Enter Episcopal French teacher Julien Prevost’s classroom and you’ll find what you might expect in a French language classroom – flags, photos from visits to France and French mementos. Prevost earned a master’s degree in teaching French from the University of Lorraine in France and completed additional training in London earning a post-graduate certificate in education in French and German from the University of Cumbria. As you might expect, Prevost speaks with a French flair and has a passion for his culture. What you might not expect is his passion and commitment to music.
Prevost has had a passion for music since he was seven years old and first picked up the cello. He has cultivated his cello talent over the years and even earned a bachelor’s degree in teaching the instrument. Prevost has performed in amateur orchestras in France, London and the United States. He even enjoyed a five year stint in a rock band called “The Spangles.” At Episcopal, Prevost has performed with Knight Train and played cello for the productions of Les Misérables and Evangeline. Once a month he also performs for Upper School students in Chapel.

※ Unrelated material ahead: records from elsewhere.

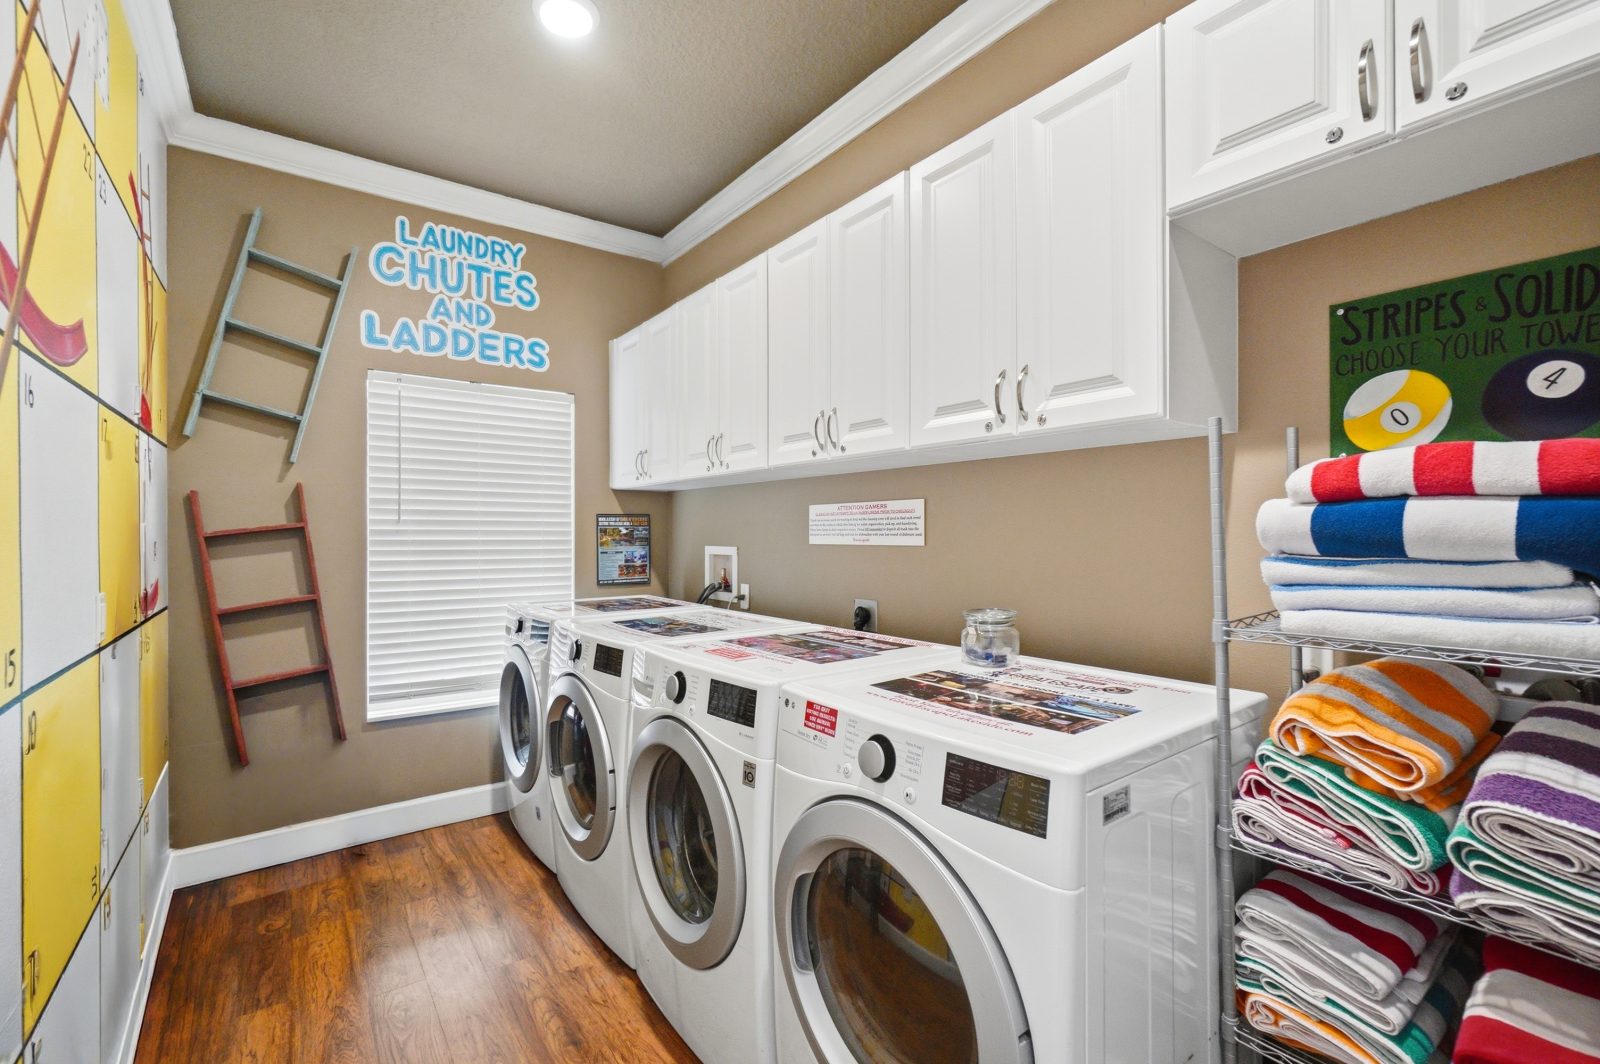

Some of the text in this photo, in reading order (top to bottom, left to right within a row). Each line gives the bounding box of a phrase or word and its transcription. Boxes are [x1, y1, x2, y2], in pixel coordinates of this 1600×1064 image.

[398, 217, 525, 269] LAUNDRY
[371, 244, 538, 309] CHUTES
[430, 296, 493, 328] AND
[1340, 290, 1467, 346] STRIPES
[1475, 296, 1488, 312] &
[363, 312, 548, 370] LADDERS
[1336, 341, 1422, 377] CHOOSE
[1435, 328, 1507, 362] YOUR
[1543, 367, 1567, 390] 4
[1391, 408, 1409, 426] 0
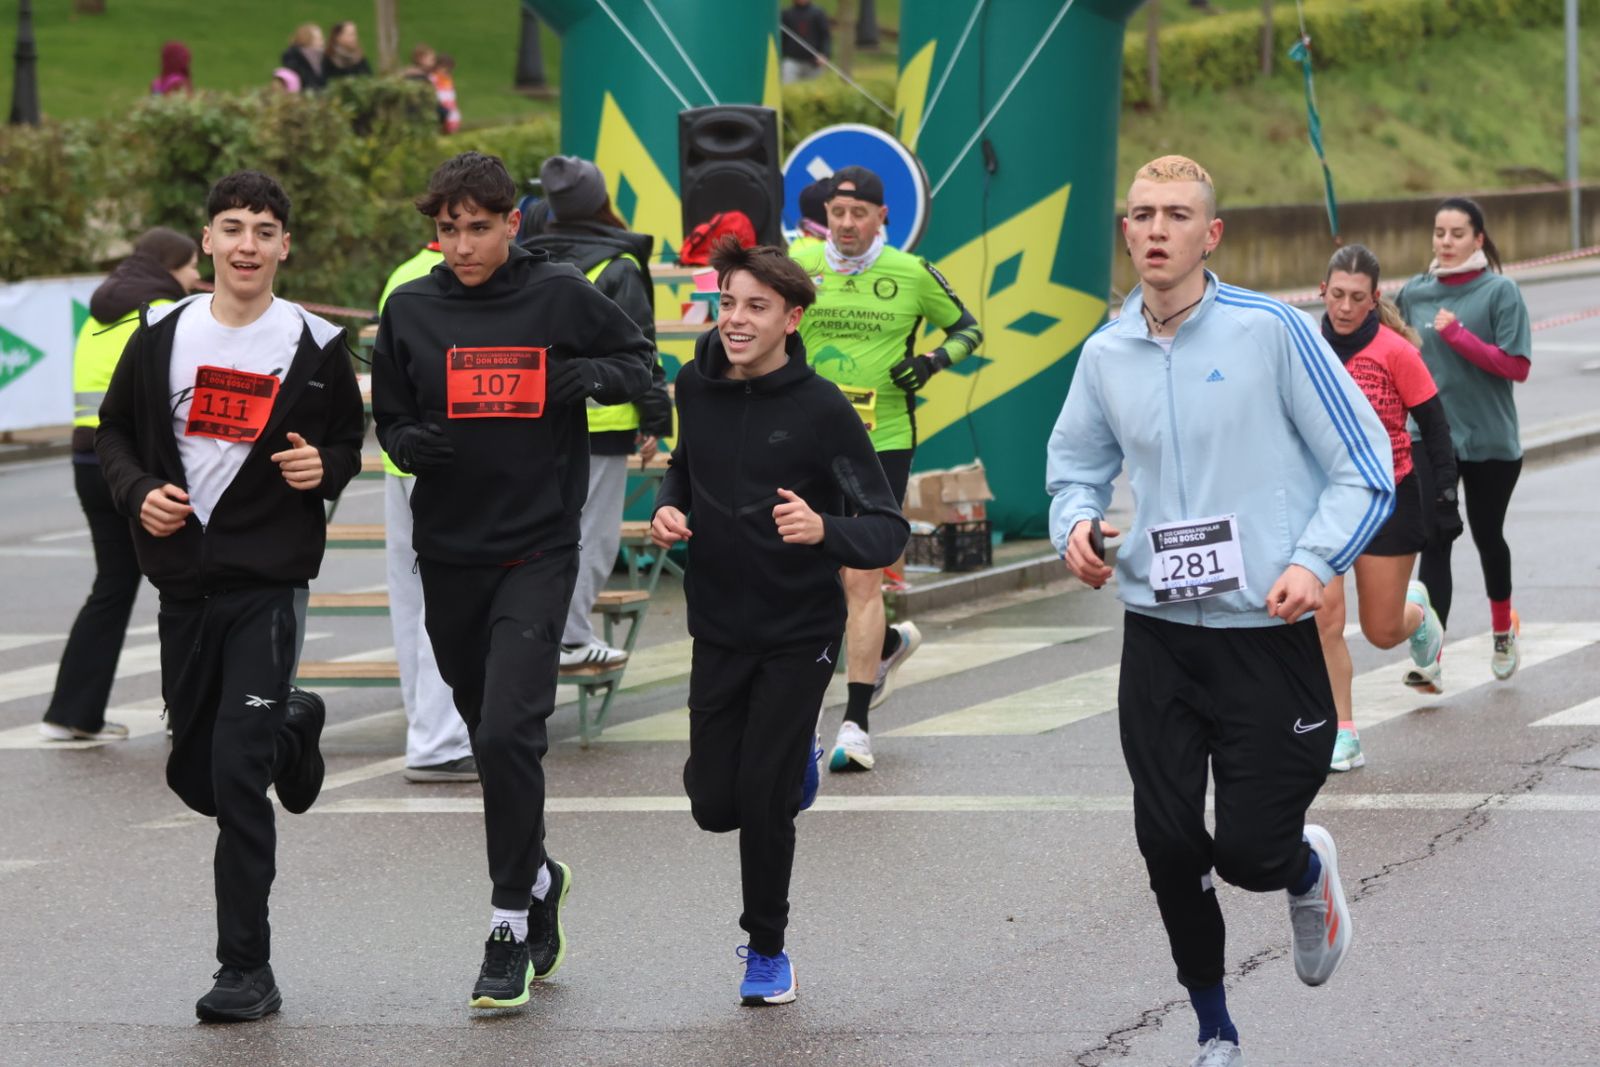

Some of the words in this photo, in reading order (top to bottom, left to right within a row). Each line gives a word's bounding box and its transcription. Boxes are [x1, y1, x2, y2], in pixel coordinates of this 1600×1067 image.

Music is about so much more than playing notes for Prevost. “It’s like playing a sport or learning a language,” he says. “It requires practice every day, hard work and discipline.” Prevost says numerous life skills can be acquired through the musical experience including patience, perseverance and time management. He says musicians also develop the confidence needed to perform and a sense of commitment to being part of an ensemble. Prevost began his teaching career as a cello teacher in France and he enjoyed the opportunity to impart these lessons to his students. However, he eventually felt the need for a new adventure and thus began his French language teaching career.
As a French teacher Prevost thought he would have more opportunities for travel. He gained the opportunity to travel and so much more. While in London Prevost met Allison, an American originally from the Lafayette area. Louisiana’s French influence made it easy for Prevost to relocate to the Bayou State to join her. Now years later, Prevost and Allison have made a life together and are raising their son, Charles, in a bilingual home. Prevost says young Charles already loves music and he enjoys sharing it with him.
What music does Prevost listen to in his own car? “Classical,” he says. After pausing he adds that he also listens to rock, rap and a variety of French and American artists. He is even familiar with Louisiana’s Cajun music. Prevost says he doesn’t like to put barriers on the music he enjoys and is open to a range of genres. This classical performer says he’s also open to playing a variety of music from jazz to rock.
Being open to new adventures and new experiences has helped Prevost create a life he couldn’t imagine when he first began playing cello all those years ago in Nancy, France. He has followed his passion and continues to make beautiful music in the process.